Which brings me to “allowance”. Everyone should have spending money of their own to piss away in any way they choose, no questions asked. And it shouldn’t depend on how much money you bring into the budget – as in who has the greater paycheck. Whether its $20 a week, or $20 a month, you need to have some fun money!! This is important to your independence, to visibly show your kids that responsible budgeting includes taking care of one’s self, and it brings some positive “yippee skippies” to your daily duties because you know, in the back of your mind, that you have money and therefore you have options. Put the hospital on a payment plan and carve out some fun money for yourself. Your mental and physical well being are top priority!!
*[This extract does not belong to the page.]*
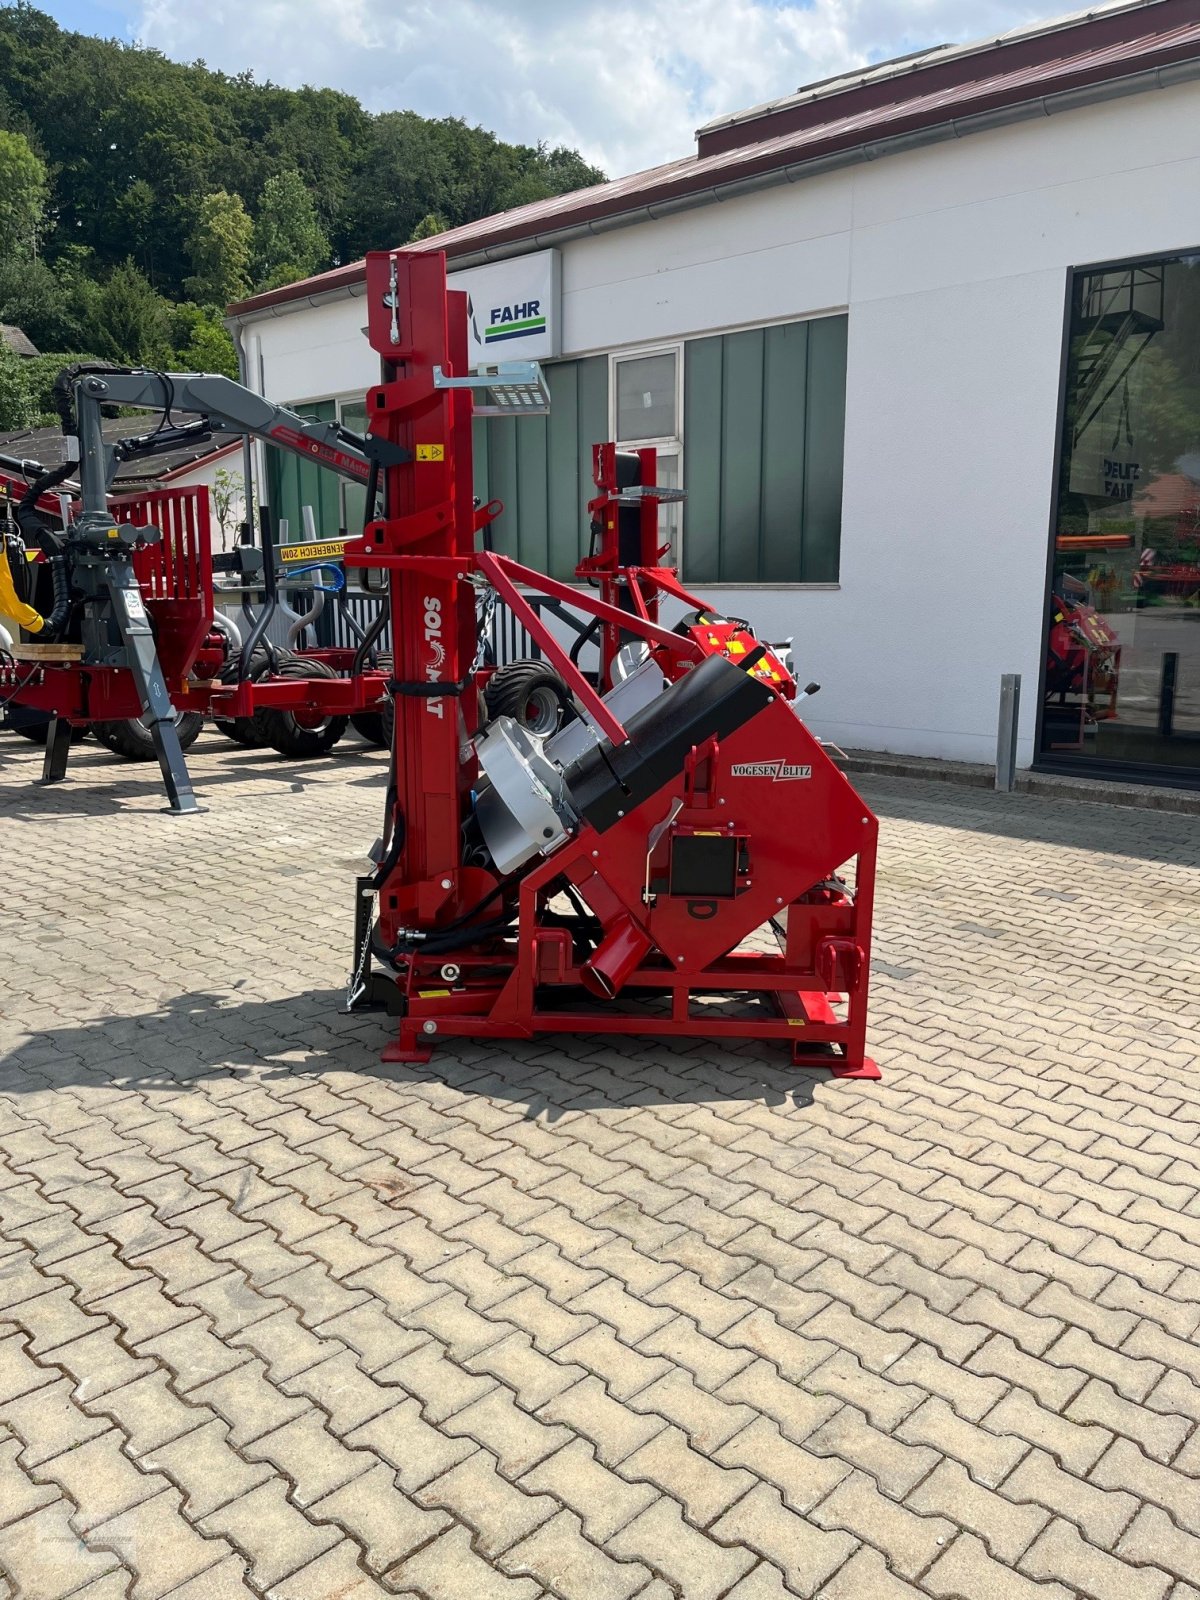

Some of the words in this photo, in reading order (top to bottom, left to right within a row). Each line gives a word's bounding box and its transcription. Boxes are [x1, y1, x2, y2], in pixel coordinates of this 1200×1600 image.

If you need a bit more help (and who doesn’t?) you can get FREE financial planning from the Special Needs Planning Center. They work with parents of SPED kids all over the country, giving clients a nice 3-ring binder full of the essentials of legal and financial advice/accounts/crap to protect you and your kids. They are super at explaining everything in the binder without being snotty know-it-alls. And, if you really don’t want to know that stuff (me!), they’ll just take care of it for you, as their customer service is outstanding. Even if you don’t have SPED kids, you can use their services for a reasonable fee. Contact them at and to read their newsletters you can look at

And what about money for your kids if you aren’t around? Your death isn’t something you want to think about, but who will take care of your children and how will they do it (do they need a new wheelchair equipped van, or house, do they need to move closer to your child’s hospital, do they need to quit their job) are things you need to answer today! If it’s not legally taken care of, you’ve left your kids to the court system. (Did you know that in some states, if you adopt foster kids, then die, they go back to foster care rather than to your family unless you have the legal papers stating otherwise? Scary!)
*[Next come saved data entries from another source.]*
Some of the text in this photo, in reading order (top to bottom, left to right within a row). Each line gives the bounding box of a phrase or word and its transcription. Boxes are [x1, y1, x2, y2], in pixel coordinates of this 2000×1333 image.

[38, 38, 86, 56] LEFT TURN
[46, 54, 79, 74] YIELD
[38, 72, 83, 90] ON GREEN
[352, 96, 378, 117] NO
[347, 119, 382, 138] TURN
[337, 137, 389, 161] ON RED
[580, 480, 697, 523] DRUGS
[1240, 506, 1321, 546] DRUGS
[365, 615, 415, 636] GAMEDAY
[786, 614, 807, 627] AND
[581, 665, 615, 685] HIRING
Do you need a Special Needs Trust? What is your back up plan for getting your child health insurance if you aren’t employed? What if you are in an accident but don’t die? Who will take care of you and the younglings? These questions really suck ass big time, but if you love your kids you’ll be a grown up and face them with confidence.

A non-profit organization is now doing their part to help distribute this information to parents. The Gifted Learning Project has developed an educational DVD, Financial Planning for Special Needs, and has made it available to the public. The DVD was created to help parents gain a basic understanding in how planning for their child with special needs is different.

REMINDER: neither I, nor my friends, are worth suing if you don’t like Ramsey, Orman, The Gifted Learning Project, or the SNPC. We aren’t endorsing here!! You have a brain and can use your own judgment. There are probably some financial advisors and estate planners in your community if you’d rather meet face to face. You’ll just have to do some searching. Get recommendations from family and friends. There are financial planners at all of the investment companies who sell their company’s investment products. There are also some stand alone advisors who are brokers that can invest your money for you with many different companies. The important thing is that it gets done ASAP!!

I know the stock market tanked, and we aren’t in a trusting mood, but that doesn’t take away everything else that needs to be done legally. I personally love the guys at SNPC because, honestly, they take care of me and it’s something I can take off my plate and not worry about. Who can ask for more…..well a winning lottery ticket would be nice.